Saint-Jean-Pied-de-Port to Aurizberri - I'll get on back home one of these days - CycleBlaze

October 6, 2023

Saint-Jean-Pied-de-Port to Aurizberri

Over the mountain and into Spain

Today was the day we had been anxiously anticipating; the day we would ride an ¨easy¨ route over the Pyrénées. Scott had explored a number options for a route and settled on a bit of a longer but a lesser travelled road than the popular Roncesvalles pass. Regardless, there would be no escaping the mountain! The sky was blue and weather perfect for the ride. Spoiler alert: Yes, we made it!

The tables were all numbered and set with dishes when we arrived in breakfast room.

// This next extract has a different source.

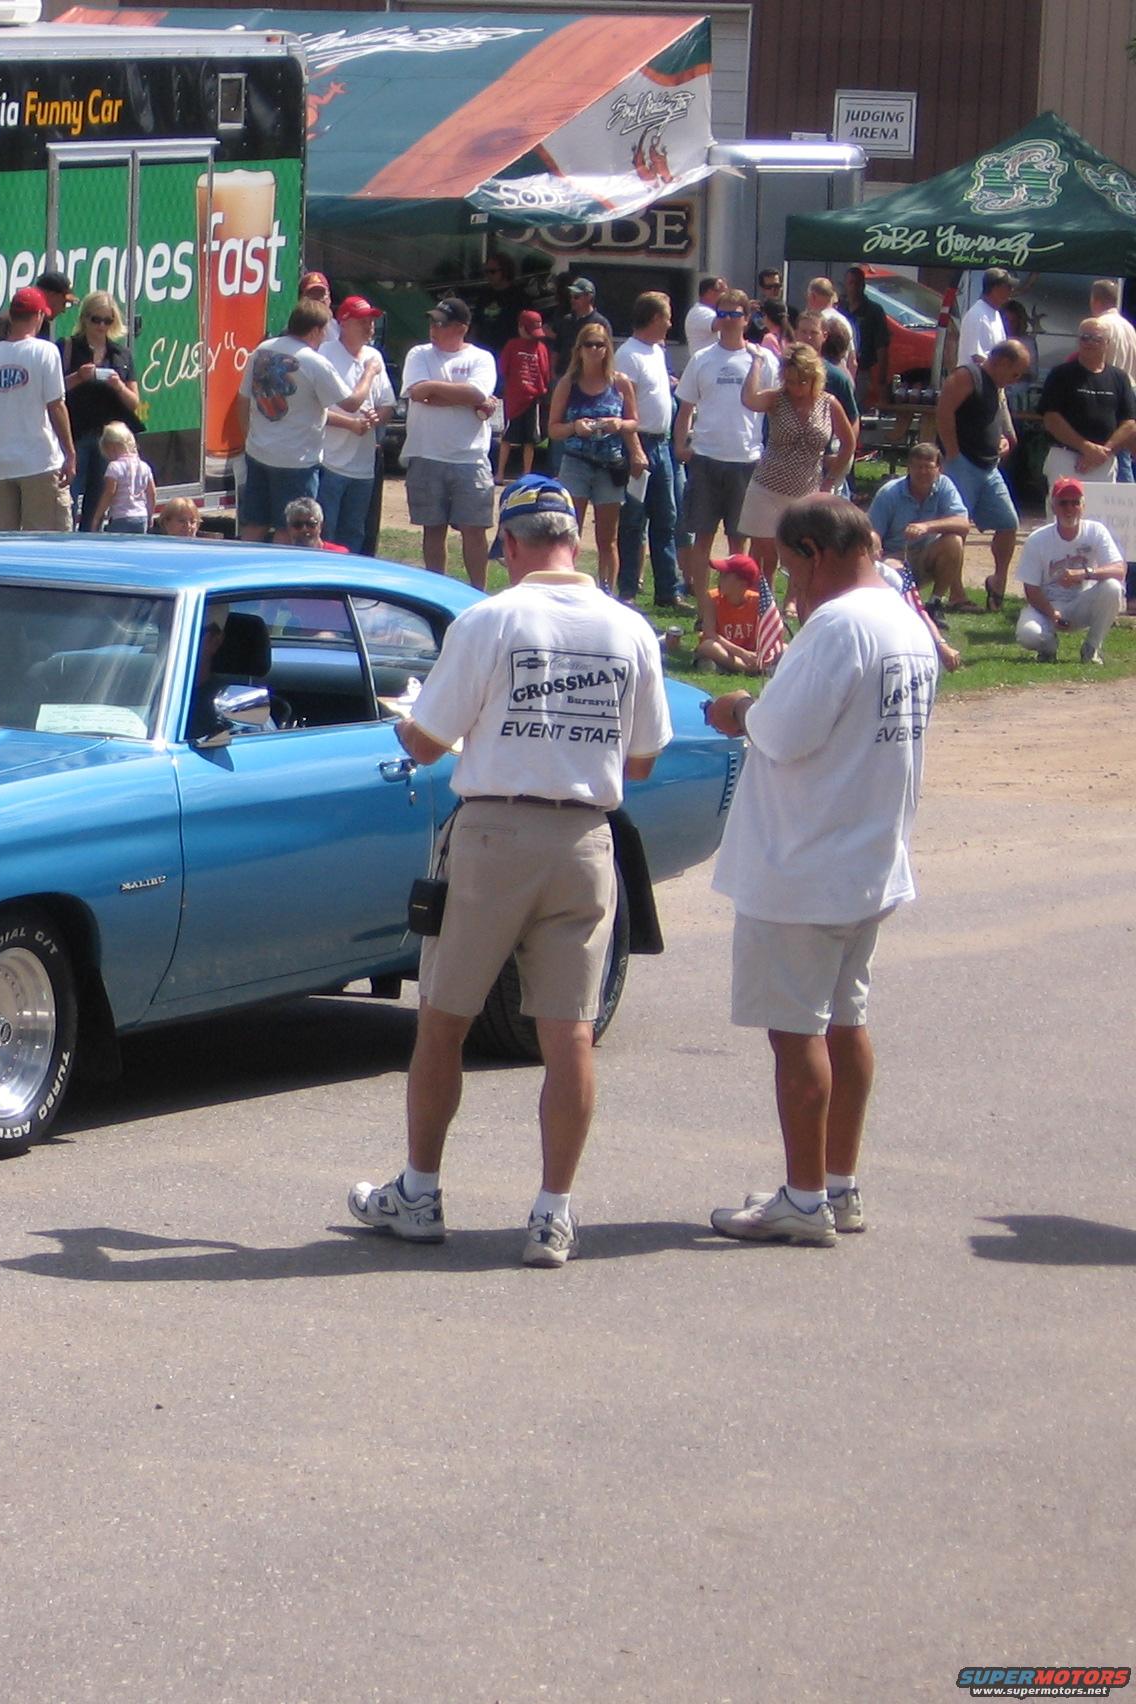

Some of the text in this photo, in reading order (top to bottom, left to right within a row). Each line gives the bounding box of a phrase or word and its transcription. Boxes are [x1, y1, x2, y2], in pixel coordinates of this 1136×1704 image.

We sat by ourselves  and our host quickly began to bring the breakfast items that we had ordered the day before upon our arrival at Hotel Simonenia. There was so much food that we were encouraged to make a lunch from the extra bread, meat and cheese and our host graciously packaged everything up for us to take away.

Down on the street with our bikes loaded we waved good bye to our host who was now preparing our second floor room for the next guests. Carefully walking  down the steep cobble stone road,  we reached the bridge and made a left turn onto a small trail beside the Nive River. Scott was riding away and Pat was just starting when our host suddenly appeared at the corner! She had run down the cobblestones to catch up to us!  Out of breath,  she handed Pat Scott's cell phone that he had left in the room. We were ever so thankful. Scott was a bit annoyed with himself as he had lost a phone on a previous trip in the same manner.

Our guardian angel at Maison Simonenia.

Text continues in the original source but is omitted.